L'Institution
  1. Description du service de prise en charge psycho-educative
  2. Description de la population consultante
  3. Description d'intervention qu'il m'a été donné d'observer

  4.  

     
     


    1. DESCRIPTION DU SERVICE DE PRISE EN CHARGE PSYCHO-ÉDUCATIVE :


    Ce service qui bénéficie de l’infrastructure de la Croix-Rouge a démarré en janvier 2000 et est financé par des associations privées. Outre le secrétariat, il compte une psychologue au bénéfice d’un DES de l’Université de Genève  et une éducatrice, licenciée en Pédagogie curative de l’Université de Fribourg. La prise en charge psycho-éducative  s’adresse aux familles migrantes ou non, qui rencontrent des difficultés pour l’éducation de leurs enfants. Elle propose une guidance afin que parents et enfants  soient en mesure d’affronter les problèmes scolaires, éducatifs, familiaux, financiers ou d’intégration. En cas de violences scolaires, une démarche est proposée visant à gérer l’agressivité afin d’éviter les passages à l’acte violents. Le soutien de la famille, dans sa relation aux enfants ou à l’école, essaie d’éviter que des situations difficiles ne dégénèrent et ne conduisent à des points de non retour, tels que l’exclusion scolaire, la rupture sociale, le placement en institution, la « zone »… L’objectif n’est pas d’augmenter la dépendance des familles à l’aide extérieure mais au contraire de leur permettre de puiser dans leurs ressources pour trouver la possibilité d’affronter et de surmonter les difficultés de vie. L’idée est de valoriser tant le potentiel individuel que celui du groupe pour permettre à la famille de retrouver son autonomie. Il s’agit donc d’une intervention à court et moyen terme qui se profile dans un espace encore inoccupé  par les différentes structures d’aide à la jeunesse : elle se situe en amont du placement en institutions  et en aval des services ambulatoires.

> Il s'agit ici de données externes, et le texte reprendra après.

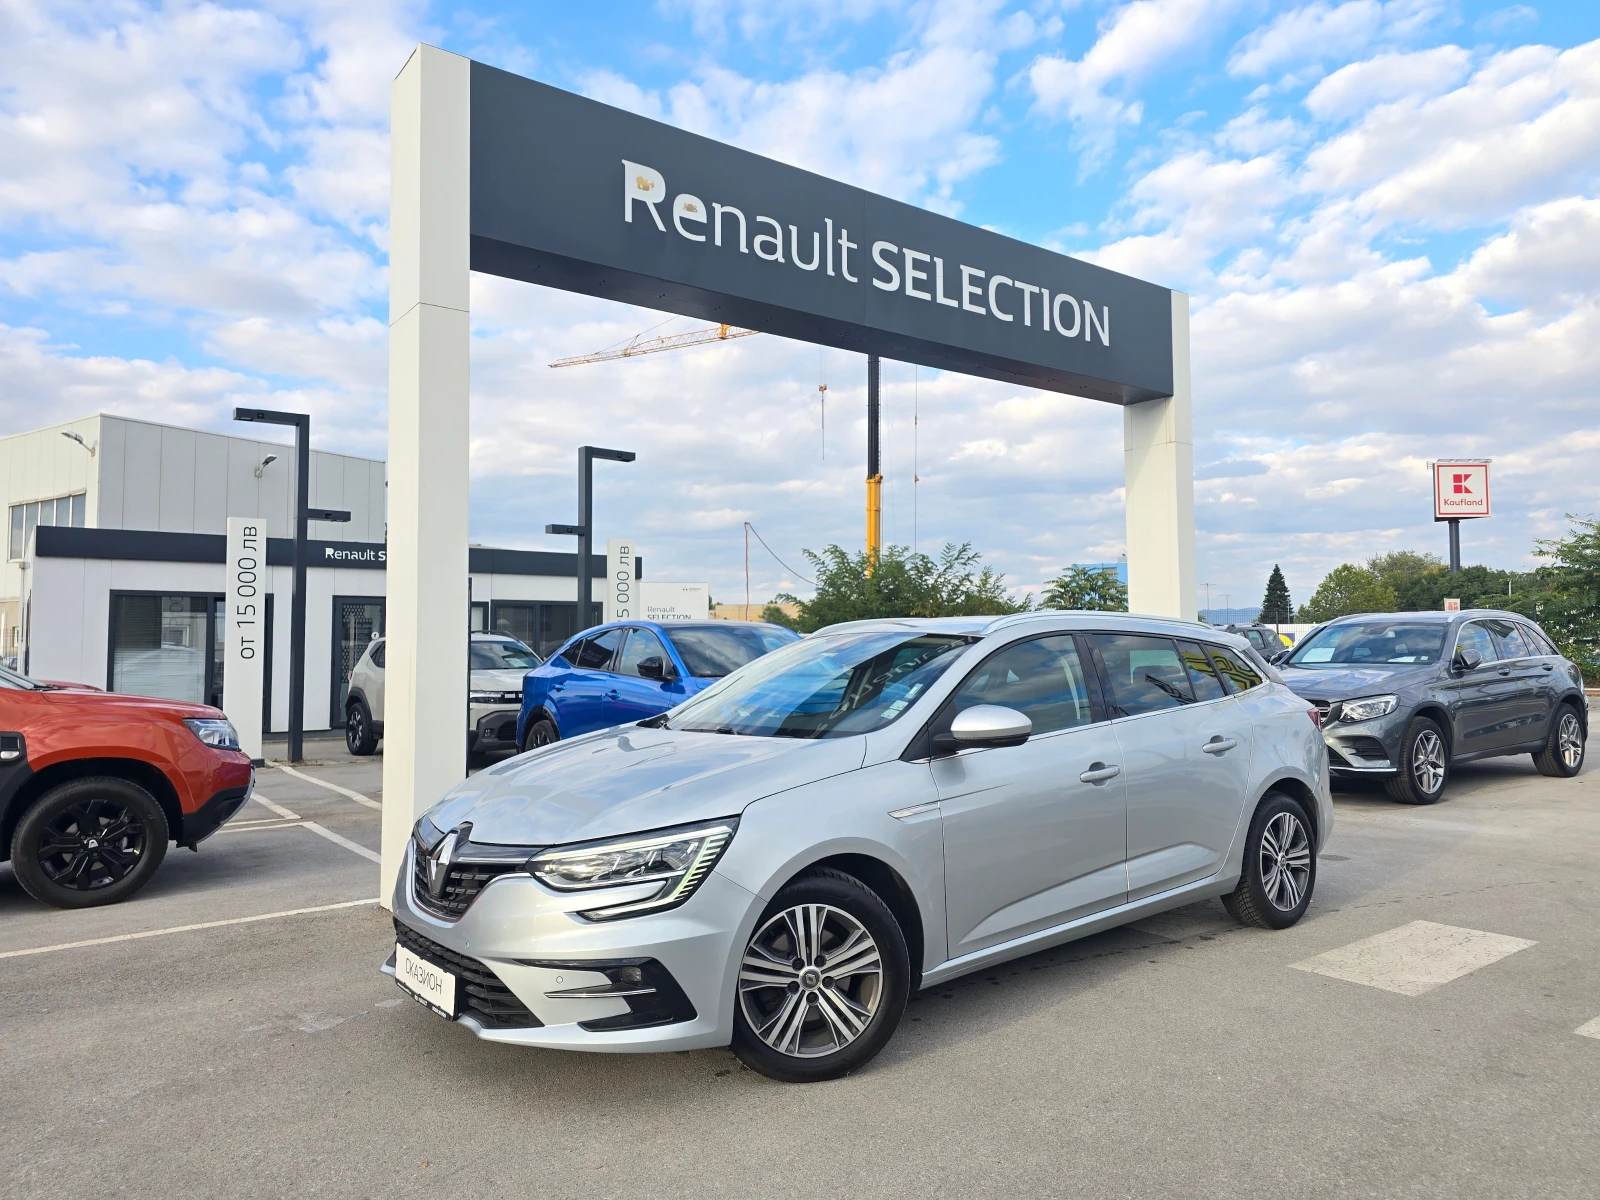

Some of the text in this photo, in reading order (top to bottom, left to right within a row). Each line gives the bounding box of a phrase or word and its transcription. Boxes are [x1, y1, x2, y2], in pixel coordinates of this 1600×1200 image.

    L’éducatrice et la psychologue travaillent en étroite collaboration. Conjuguant leurs deux visions, elles tentent d’évaluer les différents facteurs ayant pu générer les difficultés rencontrées par les familles, puis elles émettent des hypothèses  de compréhension afin de mettre en place des objectifs à court ou moyen terme. Elles essayent de programmer une intervention, accompagnée d’une évaluation continue, en fonction de l’évolution des hypothèses initiales et des nouvelles informations reçues. L’originalité de leur démarche est que, selon l’évolution des situations, l’éducatrice se rend de 1 à 4 fois par semaine au domicile des consultants afin de travailler dans, et avec, le milieu familial ; son travail s’inscrit dans une forme de quotidienneté et de proximité. 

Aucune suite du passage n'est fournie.